(Records for this task Opens)
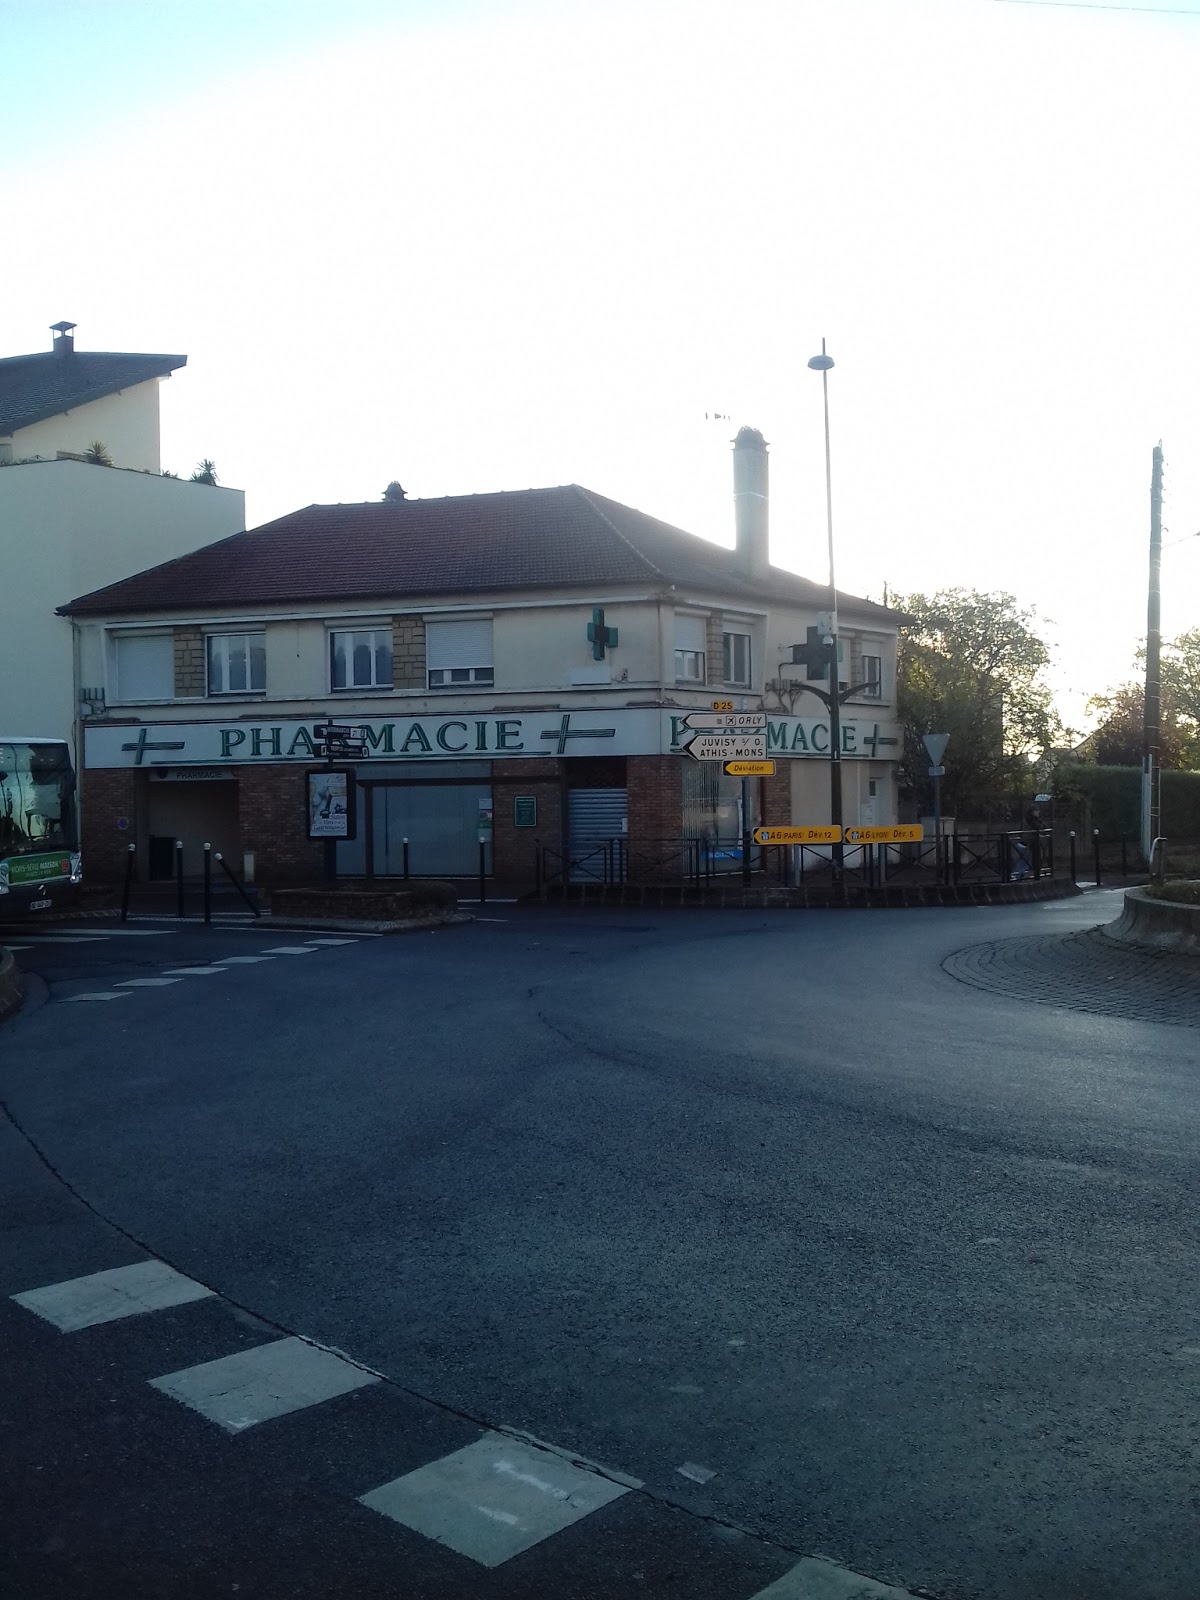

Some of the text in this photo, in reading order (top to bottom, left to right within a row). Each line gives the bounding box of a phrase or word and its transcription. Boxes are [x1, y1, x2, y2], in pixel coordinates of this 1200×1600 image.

[714, 702, 733, 710] D 25
[738, 716, 762, 725] ORLY
[220, 718, 525, 757] PHAMACIE
[701, 739, 737, 747] JUVISY
[734, 764, 764, 772] Déviation
[176, 770, 223, 780] PHARMACIE
[770, 831, 782, 840] A6
[824, 831, 833, 840] 12
[860, 831, 871, 840] A6
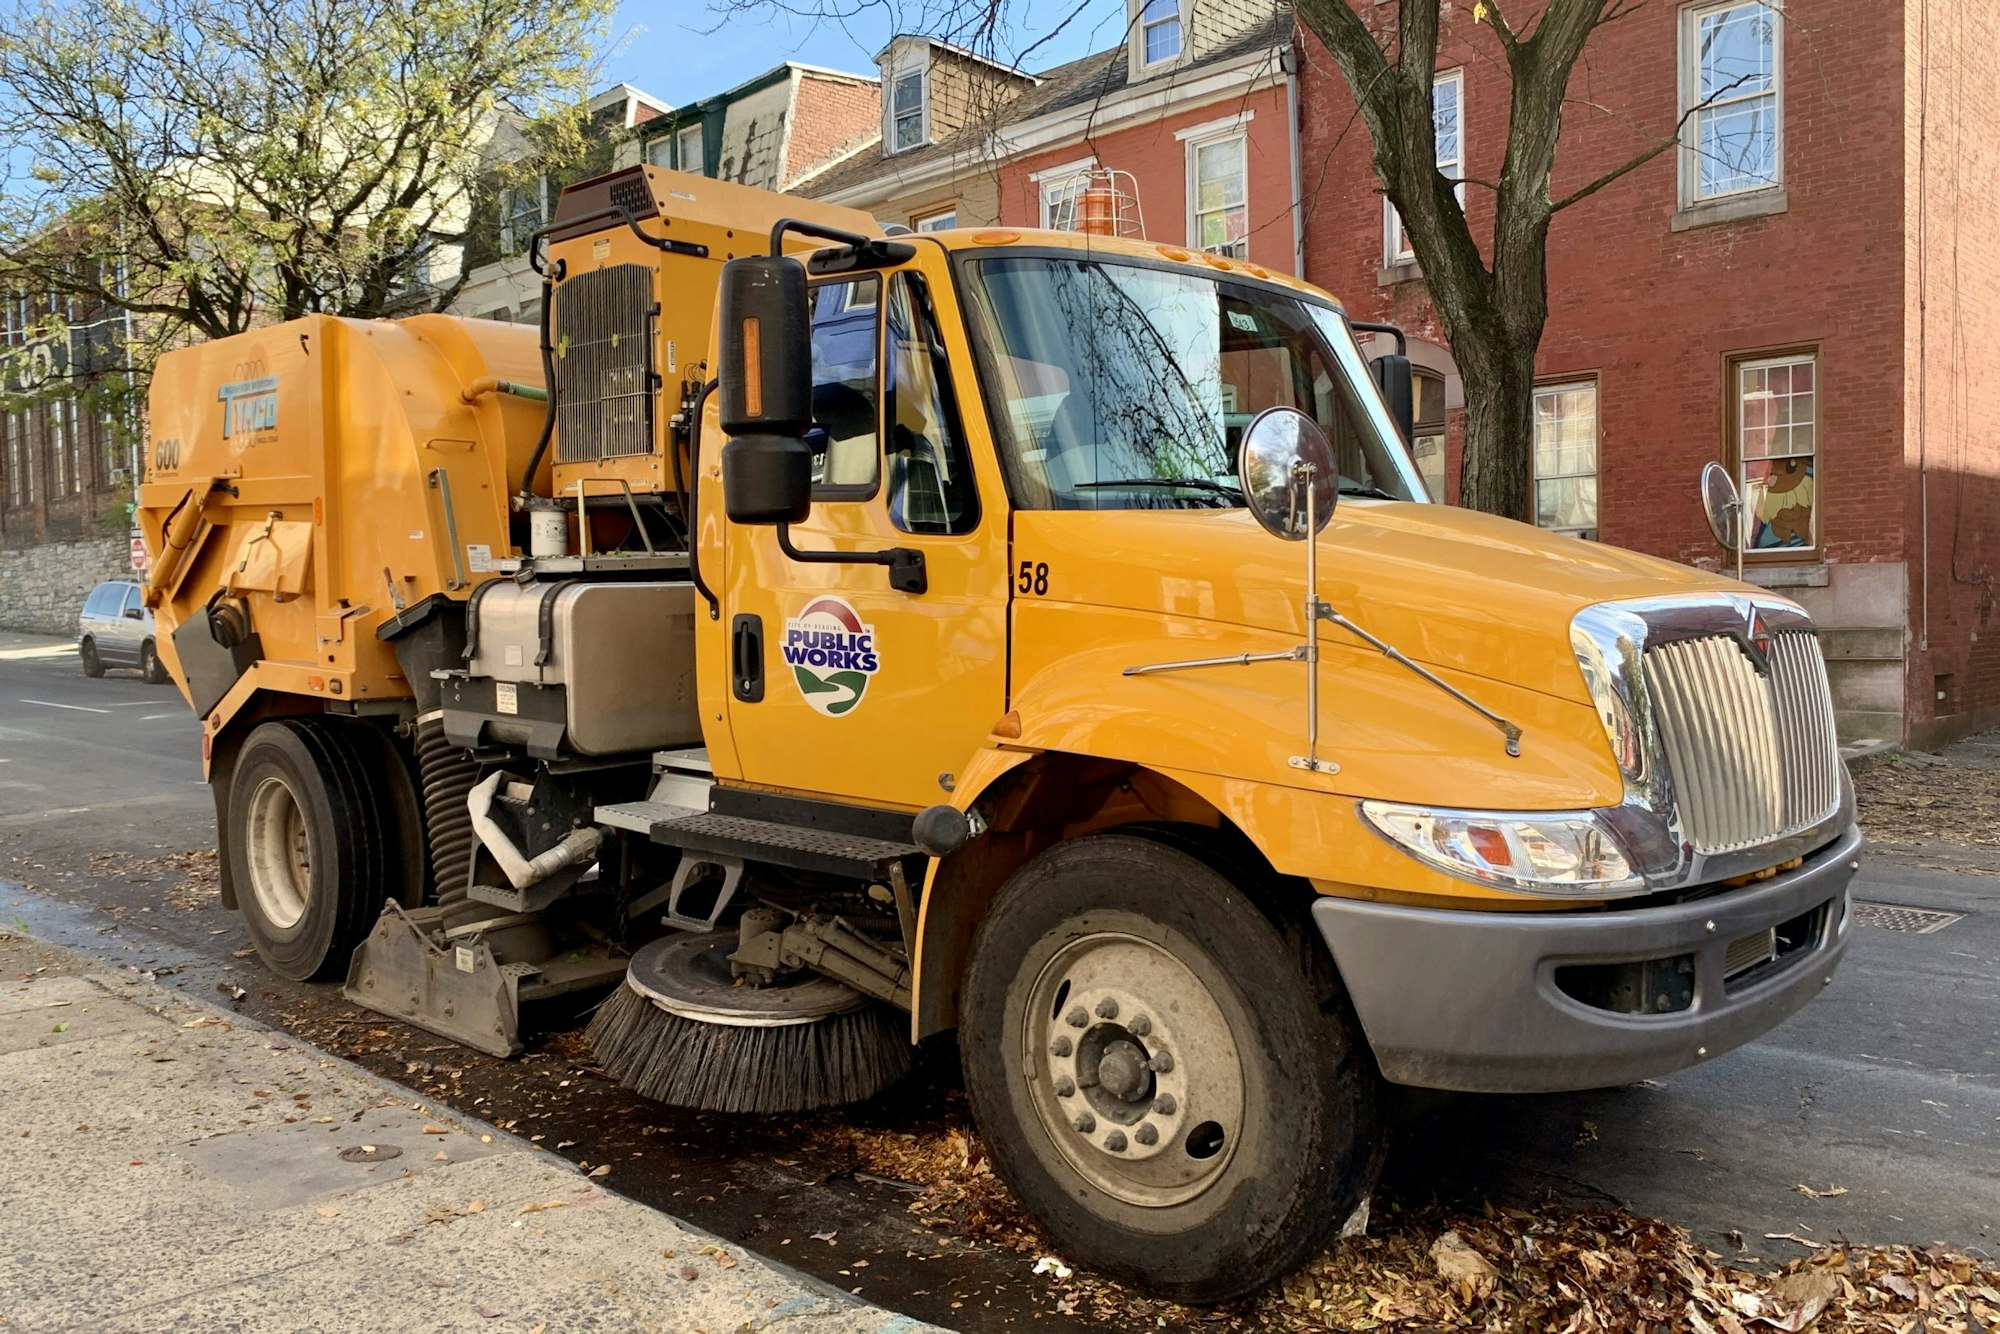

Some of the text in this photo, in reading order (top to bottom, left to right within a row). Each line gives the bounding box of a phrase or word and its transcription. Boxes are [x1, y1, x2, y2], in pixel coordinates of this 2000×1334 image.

[156, 439, 180, 470] 600
[1018, 561, 1049, 596] 58
[788, 630, 872, 653] PUBLIC
[783, 647, 878, 672] WORKS
(Records for this task Closes)
What you will do:
All lines from the one holding "this 2000×1334 image." through the end of the entries need to be given again exactly. Leave out the others.

Answer to the exercise:
Some of the text in this photo, in reading order (top to bottom, left to right within a row). Each line gives the bounding box of a phrase or word and its transcription. Boxes are [x1, y1, x2, y2], in pixel coordinates of this 2000×1334 image.

[156, 439, 180, 470] 600
[1018, 561, 1049, 596] 58
[788, 630, 872, 653] PUBLIC
[783, 647, 878, 672] WORKS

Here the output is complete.